No matter what your food preferences – whether you are a vegan, vegetarian or omnivore – plants are at the base of what you eat. Okay, you say, but what about Oreos, one of my major food groups? Surely, they are mostly a petroleum derivative? Leaving aside that petroleum is also originally plant material, let’s check out Oreos. I can’t get Nabisco’s secret recipe, but I found a substitute online so we can make our own. And, no big surprise, plants are critical to every bit of this recipe.

For the cookie we will need flour, sugar, vanilla, cocoa, butter and salt. Where does all this come from?

The flour, of course, is wheat (or some other grain substitute from my gluten-free friends). Wheat is in the grass family, or Poaceae, like other familiar grasses we eat such as rye, barley and even wild rice. They all have a similar flower structure, which is how plants are grouped into families and genera. The most widely grown wheat is Triticum aestivum. Like most grasses, wheat plants produce small, wind pollinated flowers. Once fertilized, each flower produces a small fruit, with seeds called wheat berries inside. The fruits are harvested and threshed to remove the chaff. The outer coating of the wheat berry, the bran, is usually removed and the grains are then ground into flour. Wheat flour is mostly starch, with some protein and other nutrients.

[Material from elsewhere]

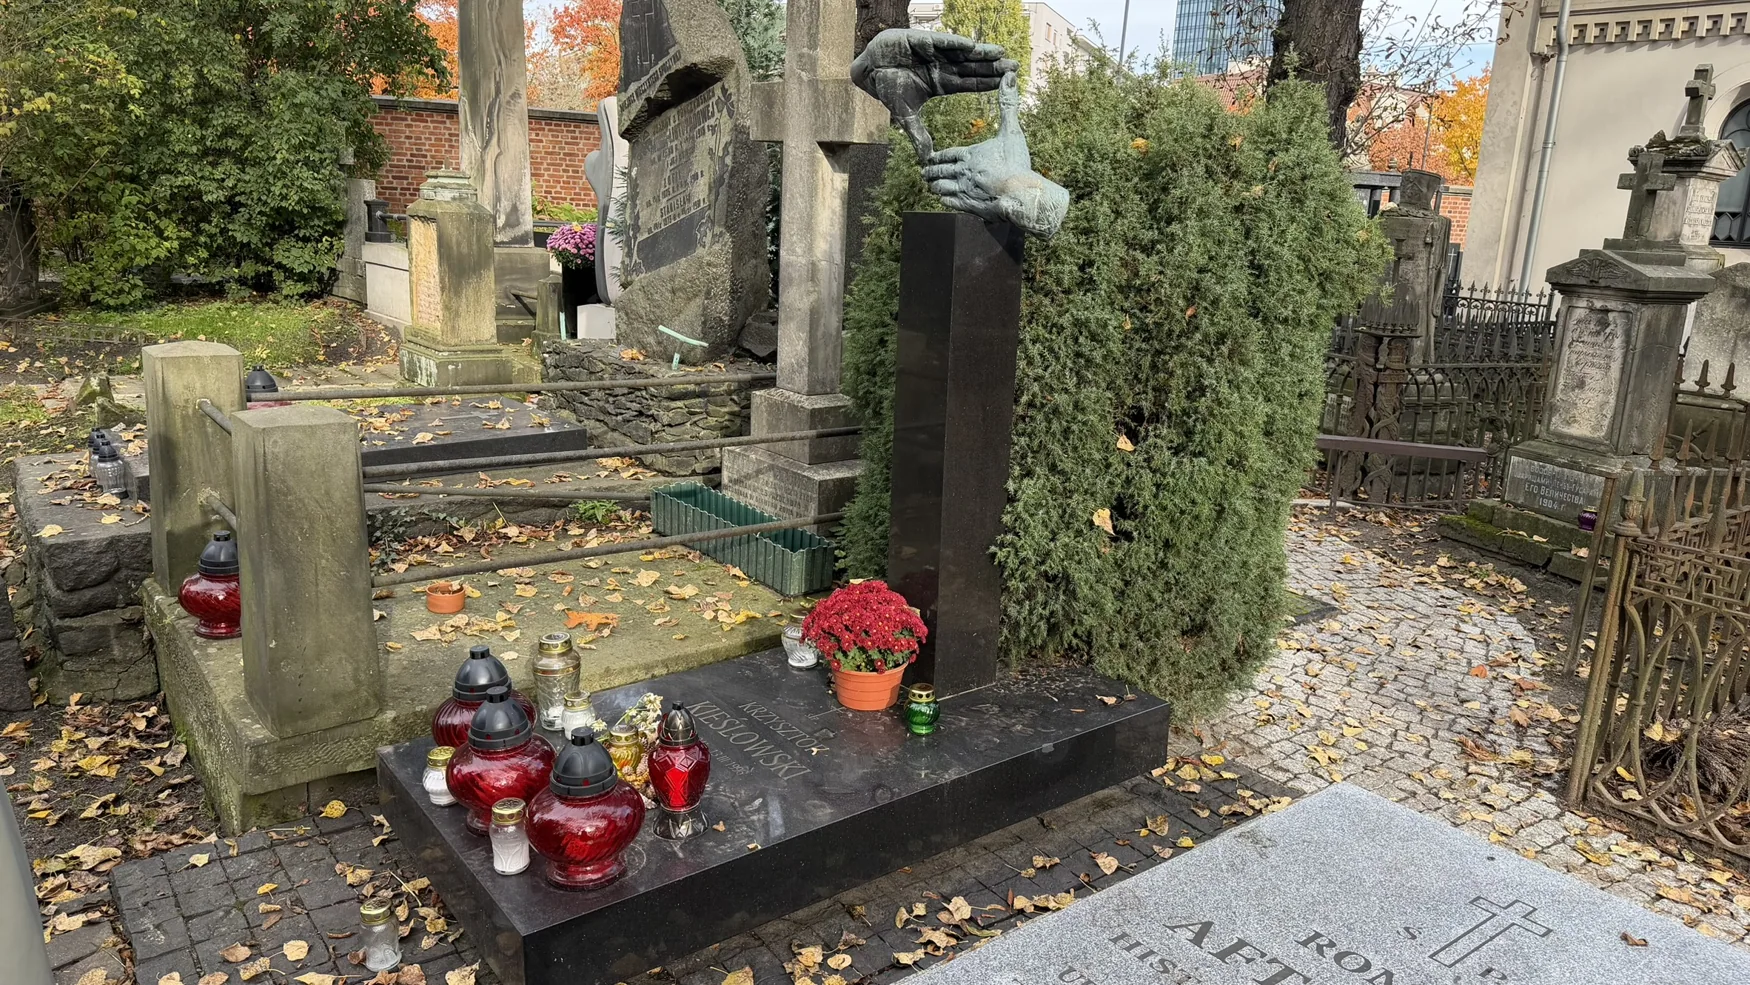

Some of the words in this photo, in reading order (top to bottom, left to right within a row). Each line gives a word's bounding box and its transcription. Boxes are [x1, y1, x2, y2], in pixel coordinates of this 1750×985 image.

[1539, 497, 1558, 510] 1904
[686, 700, 812, 780] KIEŚLOWSKI
[738, 701, 829, 752] KRZYSZTOF

Our next ingredient is sugar. Sugar comes from a couple of different plants. Most commercial sugar comes from sugar beets, or Beta vulgaris in the Amaranthaceae or sugar cane, a grass in the Saccharum genus. Of course, corn syrup comes from corn, or Zea mays, yet another grass. The sugar we will use in our recipe is sucrose, a compound sugar composed of the simple sugars fructose and glucose bonded together. Simple and compound sugars are sweet and easily dissolved in water. Longer chains of sugar molecules compose polysaccharides, including starch, as in the flour. Unlike the flour, sugar has few redeeming qualities and provides nothing but calories (and tasty sweetness).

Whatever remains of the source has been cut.